2022 Seat Arona long-term test: report 3

When it first went on sale, the Seat Arona was the best small SUV around, but it's been surpassed by other cars. Has a recent facelift put it back on top? We're living with one to find out...

Seat Arona filming

The car 2022 Seat Arona 1.0 TSI 110 FR Sport DSG Run by Kiall Garrett, senior videographer

Why it’s here Can the sporty version of Seat's small SUV be spacious and efficient enough for What Car?'s videographer?

Needs to Be practical, comfortable on long journeys and exciting to drive

Mileage 1832 Price £26,345 Target Price £24,628 Price as tested £25,580 Test economy 41.8mpg Official economy 46.3mpg

27 April 2022 – A Welsh grand tourer?

What does my Seat Arona have in common with the Audi RS3 and BMW 2 Series M240i, two barn-storming performance cars?

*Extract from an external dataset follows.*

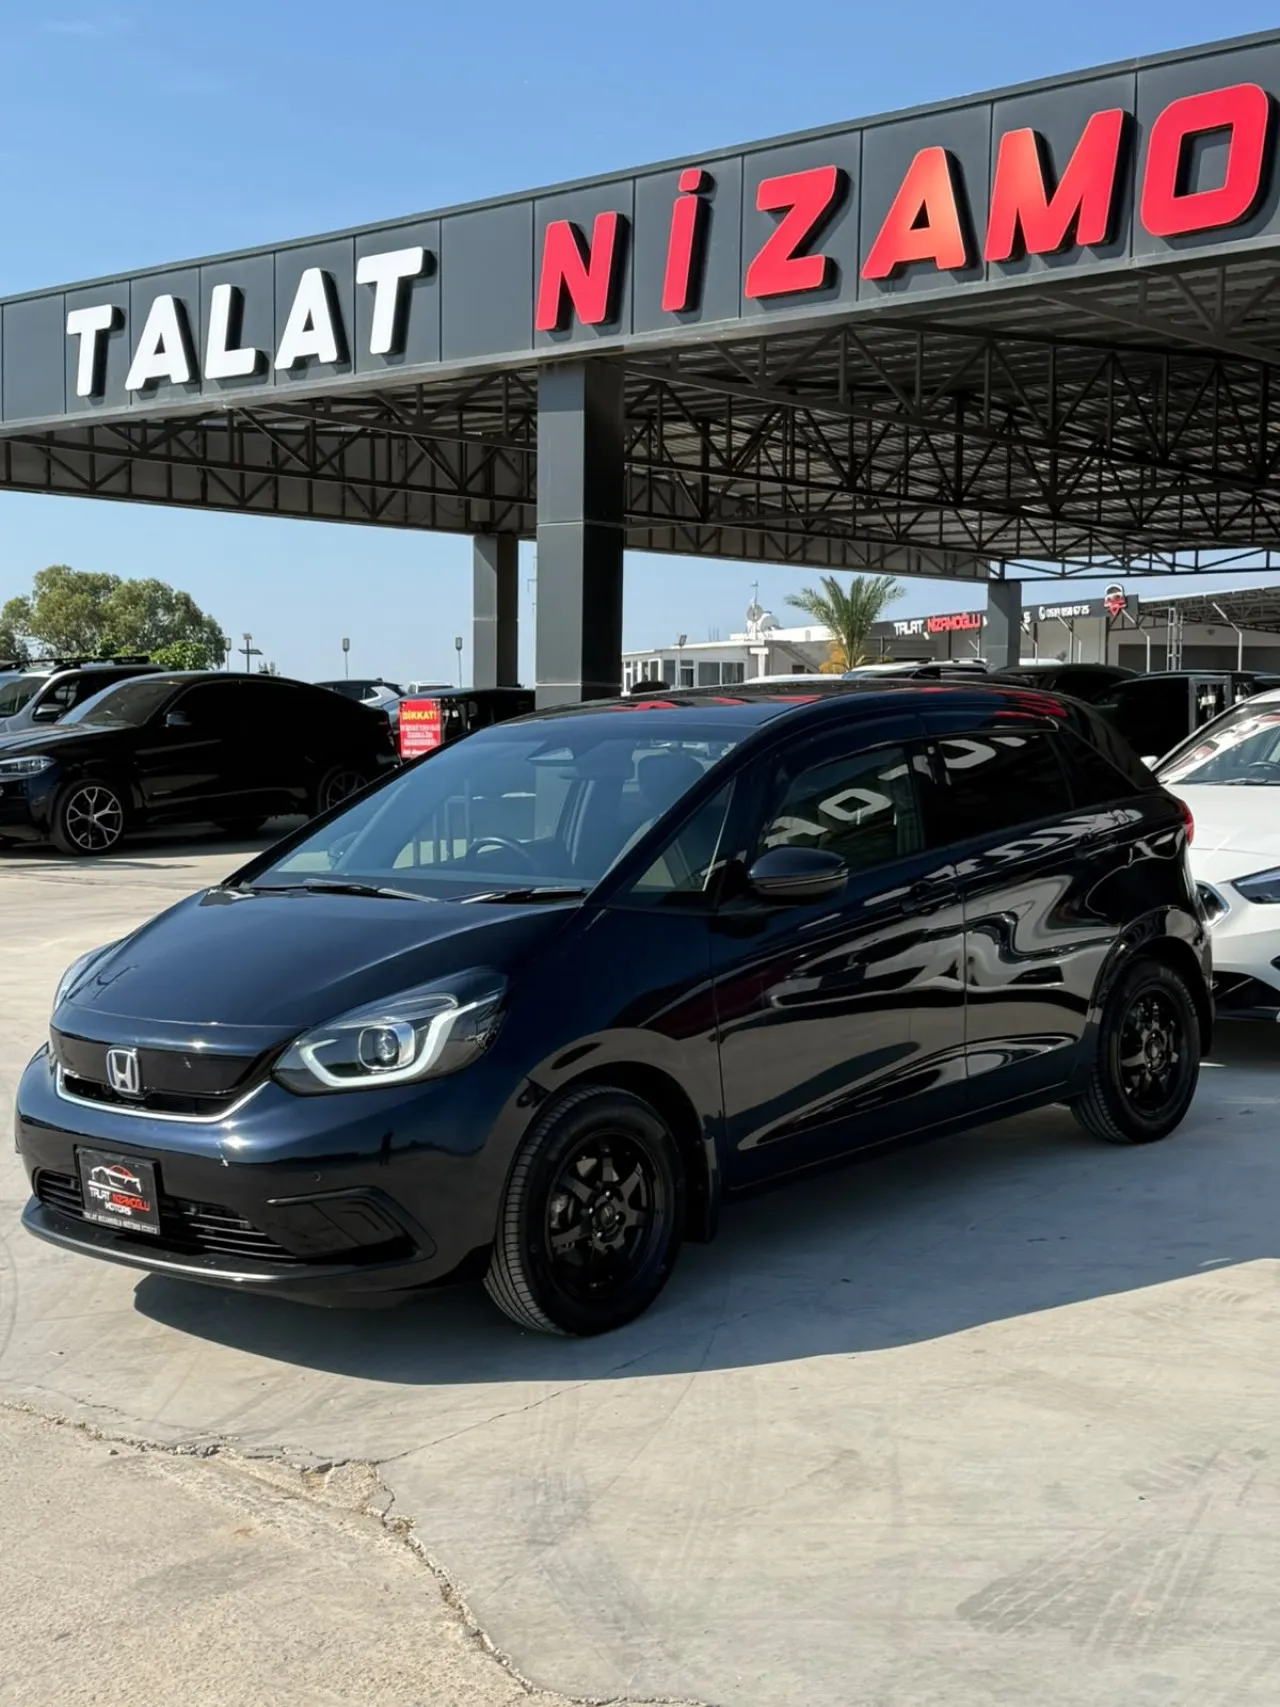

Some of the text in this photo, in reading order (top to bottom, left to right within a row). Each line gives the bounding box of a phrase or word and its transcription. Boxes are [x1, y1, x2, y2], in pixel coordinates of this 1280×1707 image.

[66, 83, 1271, 397] TALAT NİZAMO
[893, 619, 924, 636] TALAT

On the surface, the answer is: not a lot. But all three were brought together in Wales recently, because I was shooting a twin test between the Audi and the BMW, which required long journeys carrying loads of stuff over a long couple of days – and situations like this tell you a lot about a car.

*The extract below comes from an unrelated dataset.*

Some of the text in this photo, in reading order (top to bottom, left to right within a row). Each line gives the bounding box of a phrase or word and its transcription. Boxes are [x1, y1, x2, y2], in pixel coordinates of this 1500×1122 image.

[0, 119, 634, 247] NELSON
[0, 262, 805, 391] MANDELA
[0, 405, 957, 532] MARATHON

The Arona had to conquer the 200-mile-each-way journey to the west of the country to get me to the shoot and back. It was the longest trip I have taken with the car so far but, handily, I’ve done this journey multiple times in many different cars, so I’m in a good position to judge how the Arona stacks up.

Seat Arona

Gladly, it carried me to my destination in decent comfort. The sport seats that come with FR trim and above hug you nicely, and the generous padding saved my rear from going numb, meaning I didn't need to spend half an hour stretching after the journey. I also didn’t miss lumbar support, which is not available at all with the Arona.

The ride on the motorway itself was fairly smooth – certainly better than my old Suzuki S-Cross. But while the 1.0-litre petrol engine in my car is plenty peppy enough for this kind of trip, it can get raucously loud inside when you’re pushing on at higher speeds the motorway, combined with a fair amount of road noise from the tyres; the standard six-speaker sound system did a good job of drowning out road roar, though.

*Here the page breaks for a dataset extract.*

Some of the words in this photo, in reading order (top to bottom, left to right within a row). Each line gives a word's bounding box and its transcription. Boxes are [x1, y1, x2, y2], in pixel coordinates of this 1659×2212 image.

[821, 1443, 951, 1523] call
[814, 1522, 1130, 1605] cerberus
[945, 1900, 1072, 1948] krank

As for efficiency, I managed an impressive 45.1mpg on the 400-motorway-mile round trip – amazingly close to the car's official figure of 46.3mpg. I suspect the RS3 and M240i on this shoot recorded a fair bit less than that. But, as I’ve mentioned before, the Arona’s 35-litre fuel tank is a pain. The rival Peugeot 2008 and Ford Puma can hold a much more impressive 44 and 45 litres respectively. So even though it’s relatively efficient, I still find myself having to stop regularly to fill up.

But again, I find the question I keep coming back to is: do I need a bigger car?

Tracking out of Arona

Transporting, unloading and setting up the various cases and bags of equipment I use means the bigger the boot, the easier my life is. And while I've always managed to fit all of my kit into the back of the Arona, I've needed to fill up the rear seats as well as the boot to fit everything in on most journeys.

This also proves slightly challenging when trying to set up equipment. On bigger cars I can effectively use the parcel shelf as a desk – but no such luck in my Arona, because the parcel shelf spends most of its time in my flat, so I can liberate a little more space in the car.

But while a bigger car would suit me better in some cases, the Arona has grown on me very quickly, thanks to its impressive ride comfort and fuel economy.